On Behalf of | Apr 23, 2020 | Blog, Criminal Defense

When criminal suspects are taken into custody in New Jersey and around the country, police officers are required to inform them that they have a right to remain silent and speak with an attorney. They are also told that an attorney will be provided for them if they lack the means to pay for legal services and anything they do say will be memorialized and could be used against them in court. These are rights provided to all suspects by the Fifth and Sixth Amendments of the U.S. Constitution, but police officers were not required to make sure that suspects knew about them until 1966.

That was when the U.S. Supreme Court handed down a landmark ruling in Miranda v. Arizona. The case involved a man who confessed to the rape and murder of a young woman after two hours of intense police questioning. The man’s subsequent conviction was upheld by the Arizona Supreme Court, but the nation’s highest court overturned it because the man was never informed about his right to remain silent and consult with a lawyer. While the ruling stated the specific rights that suspects must be informed about, the justices left the precise wording of Miranda warnings to individual law enforcement agencies.

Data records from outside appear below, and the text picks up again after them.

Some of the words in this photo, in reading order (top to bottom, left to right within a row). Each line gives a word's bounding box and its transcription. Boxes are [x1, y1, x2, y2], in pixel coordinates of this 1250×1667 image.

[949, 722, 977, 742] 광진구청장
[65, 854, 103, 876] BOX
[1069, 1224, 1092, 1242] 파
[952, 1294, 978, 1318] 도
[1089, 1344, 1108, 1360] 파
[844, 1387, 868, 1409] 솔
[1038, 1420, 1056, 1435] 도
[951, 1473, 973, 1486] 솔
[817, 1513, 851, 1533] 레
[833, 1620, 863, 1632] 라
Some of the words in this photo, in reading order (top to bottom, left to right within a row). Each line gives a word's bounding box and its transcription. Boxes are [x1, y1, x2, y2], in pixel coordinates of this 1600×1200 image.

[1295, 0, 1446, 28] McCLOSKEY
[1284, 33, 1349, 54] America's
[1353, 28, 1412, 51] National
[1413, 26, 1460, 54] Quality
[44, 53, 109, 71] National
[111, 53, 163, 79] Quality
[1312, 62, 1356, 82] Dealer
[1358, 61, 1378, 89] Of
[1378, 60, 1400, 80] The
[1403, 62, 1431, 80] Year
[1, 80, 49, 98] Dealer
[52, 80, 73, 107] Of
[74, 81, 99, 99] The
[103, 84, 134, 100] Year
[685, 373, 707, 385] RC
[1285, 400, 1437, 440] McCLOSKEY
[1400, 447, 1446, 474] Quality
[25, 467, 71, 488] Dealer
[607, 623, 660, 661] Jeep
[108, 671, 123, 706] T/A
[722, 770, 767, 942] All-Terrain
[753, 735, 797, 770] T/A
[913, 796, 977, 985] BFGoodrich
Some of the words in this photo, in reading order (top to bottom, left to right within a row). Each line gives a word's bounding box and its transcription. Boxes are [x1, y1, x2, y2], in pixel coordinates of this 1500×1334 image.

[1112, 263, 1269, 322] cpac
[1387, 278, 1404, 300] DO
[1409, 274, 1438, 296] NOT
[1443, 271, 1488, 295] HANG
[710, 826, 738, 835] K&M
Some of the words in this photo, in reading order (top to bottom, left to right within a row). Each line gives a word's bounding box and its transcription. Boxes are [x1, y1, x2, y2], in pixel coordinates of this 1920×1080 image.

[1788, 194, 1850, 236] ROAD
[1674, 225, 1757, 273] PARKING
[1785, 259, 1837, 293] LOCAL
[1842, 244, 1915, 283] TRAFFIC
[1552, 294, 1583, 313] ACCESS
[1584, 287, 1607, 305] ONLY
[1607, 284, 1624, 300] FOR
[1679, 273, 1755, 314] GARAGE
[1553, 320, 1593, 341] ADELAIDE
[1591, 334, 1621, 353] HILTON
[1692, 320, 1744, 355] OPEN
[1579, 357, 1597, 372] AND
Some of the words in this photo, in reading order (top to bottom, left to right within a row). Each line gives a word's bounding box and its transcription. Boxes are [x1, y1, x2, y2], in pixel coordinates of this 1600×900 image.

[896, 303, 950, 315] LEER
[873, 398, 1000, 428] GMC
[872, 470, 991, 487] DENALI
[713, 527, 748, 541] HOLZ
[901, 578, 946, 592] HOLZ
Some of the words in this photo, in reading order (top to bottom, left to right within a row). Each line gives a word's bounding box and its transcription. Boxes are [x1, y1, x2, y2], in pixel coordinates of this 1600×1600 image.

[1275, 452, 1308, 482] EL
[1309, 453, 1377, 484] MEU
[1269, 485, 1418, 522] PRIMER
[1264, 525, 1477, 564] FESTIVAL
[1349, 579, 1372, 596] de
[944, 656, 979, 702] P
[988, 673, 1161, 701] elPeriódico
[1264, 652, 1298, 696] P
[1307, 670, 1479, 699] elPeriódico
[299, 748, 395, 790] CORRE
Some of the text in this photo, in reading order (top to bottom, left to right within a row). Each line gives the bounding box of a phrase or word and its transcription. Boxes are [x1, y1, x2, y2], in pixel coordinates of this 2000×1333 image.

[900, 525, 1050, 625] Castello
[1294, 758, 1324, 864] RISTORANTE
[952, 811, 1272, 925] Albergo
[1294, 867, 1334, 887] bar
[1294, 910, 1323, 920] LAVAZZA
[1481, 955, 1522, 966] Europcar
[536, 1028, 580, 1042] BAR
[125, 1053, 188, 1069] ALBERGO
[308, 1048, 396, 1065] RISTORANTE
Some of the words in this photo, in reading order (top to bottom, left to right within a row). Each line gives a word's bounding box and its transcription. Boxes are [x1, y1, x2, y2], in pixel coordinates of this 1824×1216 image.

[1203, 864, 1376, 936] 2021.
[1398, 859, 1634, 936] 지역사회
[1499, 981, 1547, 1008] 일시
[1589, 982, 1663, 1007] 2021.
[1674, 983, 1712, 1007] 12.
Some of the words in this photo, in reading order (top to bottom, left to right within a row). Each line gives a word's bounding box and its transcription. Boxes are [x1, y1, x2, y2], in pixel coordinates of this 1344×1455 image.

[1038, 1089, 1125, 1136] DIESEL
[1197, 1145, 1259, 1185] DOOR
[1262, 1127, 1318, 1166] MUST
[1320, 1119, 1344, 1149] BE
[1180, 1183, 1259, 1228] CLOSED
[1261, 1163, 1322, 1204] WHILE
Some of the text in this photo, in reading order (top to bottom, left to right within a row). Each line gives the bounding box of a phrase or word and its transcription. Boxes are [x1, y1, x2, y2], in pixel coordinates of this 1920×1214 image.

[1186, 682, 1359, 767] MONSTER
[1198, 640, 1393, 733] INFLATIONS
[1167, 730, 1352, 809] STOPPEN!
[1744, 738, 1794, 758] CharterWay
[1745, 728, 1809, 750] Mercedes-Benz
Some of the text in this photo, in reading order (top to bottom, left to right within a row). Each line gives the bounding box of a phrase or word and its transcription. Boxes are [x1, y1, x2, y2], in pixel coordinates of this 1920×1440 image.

Suspects can invoke what are often referred to as their Miranda rights at any time, and police officers are required to respect their wishes and cease interrogations when they do. However, they would be wise to ensure that they make their wishes very clear. This is because the Supreme Court ruled in the 2010 case Berghuis v. Thompkins that ambiguous invocations may not be sufficient to prevent subsequent statements from being treated as an implied waiver of constitutional rights.

Attorneys with experience in criminal defense would likely advise individuals who are taken into custody by the police to invoke their Miranda rights at the earliest opportunity and then say nothing until a lawyer is present. This could prevent suspects from confessing to crimes they did not commit and ensure that concessions are received in return for valuable information.